Cool comics in my collection #403: Marvel Team-Up #97, September 1980.
I have a nice little collection of Marvel Team-Up issues, and I knew that Spider-Man appeared in most of these, but I didn’t know until just now, after looking this up, that for the 150 total issues of this comic, Spider-Man is in all but 9. Or 9-and-a-half, if you want to count #126, which has two team-up stories in it, one with and one without Spider-Man. This title produced 7 annual issues, and all but one featured Spider-Man. Add that one to the list, also, if you want. So a Marvel Team-Up comic book without Peter Parker is a rare thing indeed, which brings us to this 1980 gem featuring the Hulk and Spider-Woman (Jessica Drew). The Hulk wasn’t a bad choice to guest in this title without Spider-Man, because he was doing well on network TV at the time, and they did get a spider-person in there, of the female variety. I wonder if there are any collectors who specialize in, for instance, just the issues of Marvel Team-Up that don’t have Spider-Man in them? There probably are. There are collectors for just about everything. If you specialize in anything from 1980, please add it to the comments section below for our time capsule commentary. The cover price of Marvel Team-Up #97 is 50 cents, while the current value is $5.
Recently Read Digital Comics
One of the reasons I’m loving digital comics is the discounted savings. And the availability of so many comics I missed out on the first time. And the ease of reading them on my tablet. Not to mention they are easier to store than physical comics, too! Each medium has its advantages, no doubt, and my heart has room for both.
Back in January, Amazon was offering Black Panther: Marvel Masterworks Vol. 1 and Vol. 2 for $4.99 apiece. It didn’t take much thought to click the buy button for each of these, and it was an excellent decision. I recently checked and they are selling for $9.99 on Amazon and $16.99 via comiXology (the cover price for the hardback volume is $64.95).

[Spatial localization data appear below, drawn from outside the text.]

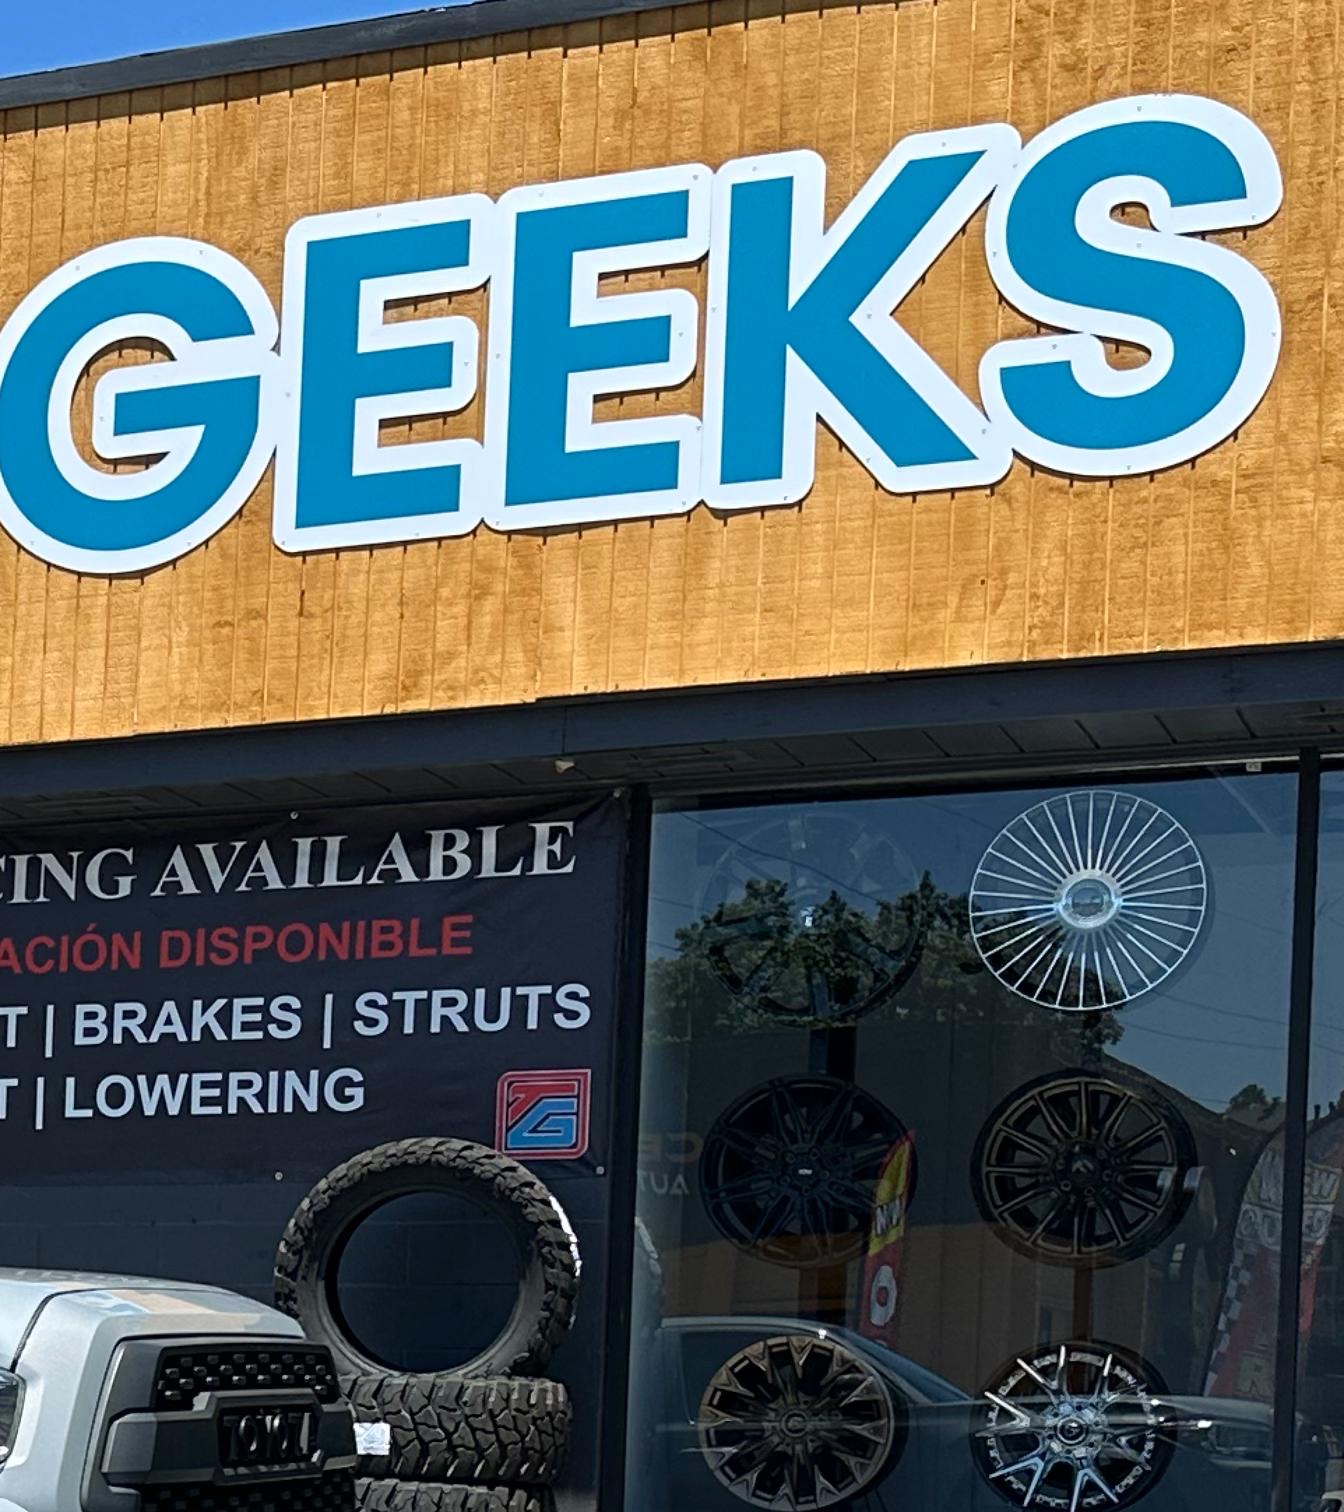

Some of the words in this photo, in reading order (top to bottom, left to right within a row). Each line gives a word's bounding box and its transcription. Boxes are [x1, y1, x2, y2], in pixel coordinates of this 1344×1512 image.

[150, 821, 576, 897] AVAILABLE
[159, 914, 474, 969] DISPONIBLE
[73, 994, 303, 1046] BRAKES
[352, 983, 592, 1037] STRUTS
[64, 1066, 365, 1119] LOWERING

But what if I decided instead to buy all 18 issues (number 6 – 22, and 24) of Jungle Action contained in this edition? I’d have a hunt on my hands, and maybe have to go to several different comic shops to find them all. And condition would vary, as would prices. I’d possibly have to spend much more than my budget allows. Check out the pricing by clicking here.
If you have both a comiXology and Amazon account, be sure to link them through comiXology (where you sign in), because then when you buy Kindle comics on Amazon you can read them with the comiXology app and take advantage of the Archive feature to store the comics when you finish reading them.
The Black Panther is getting more press today than ever before. He’s in the Civil War movie and will have his own movie in the near future. He has a current run at Marvel, and people are taking much more notice of the character. But my friends and I knew who he was in the Seventies, and we thought he was a pretty cool cat…or panther, at least. It took a while to read all 18 of these issues, but it was worth it, and made me feel awfully nostalgic for my childhood.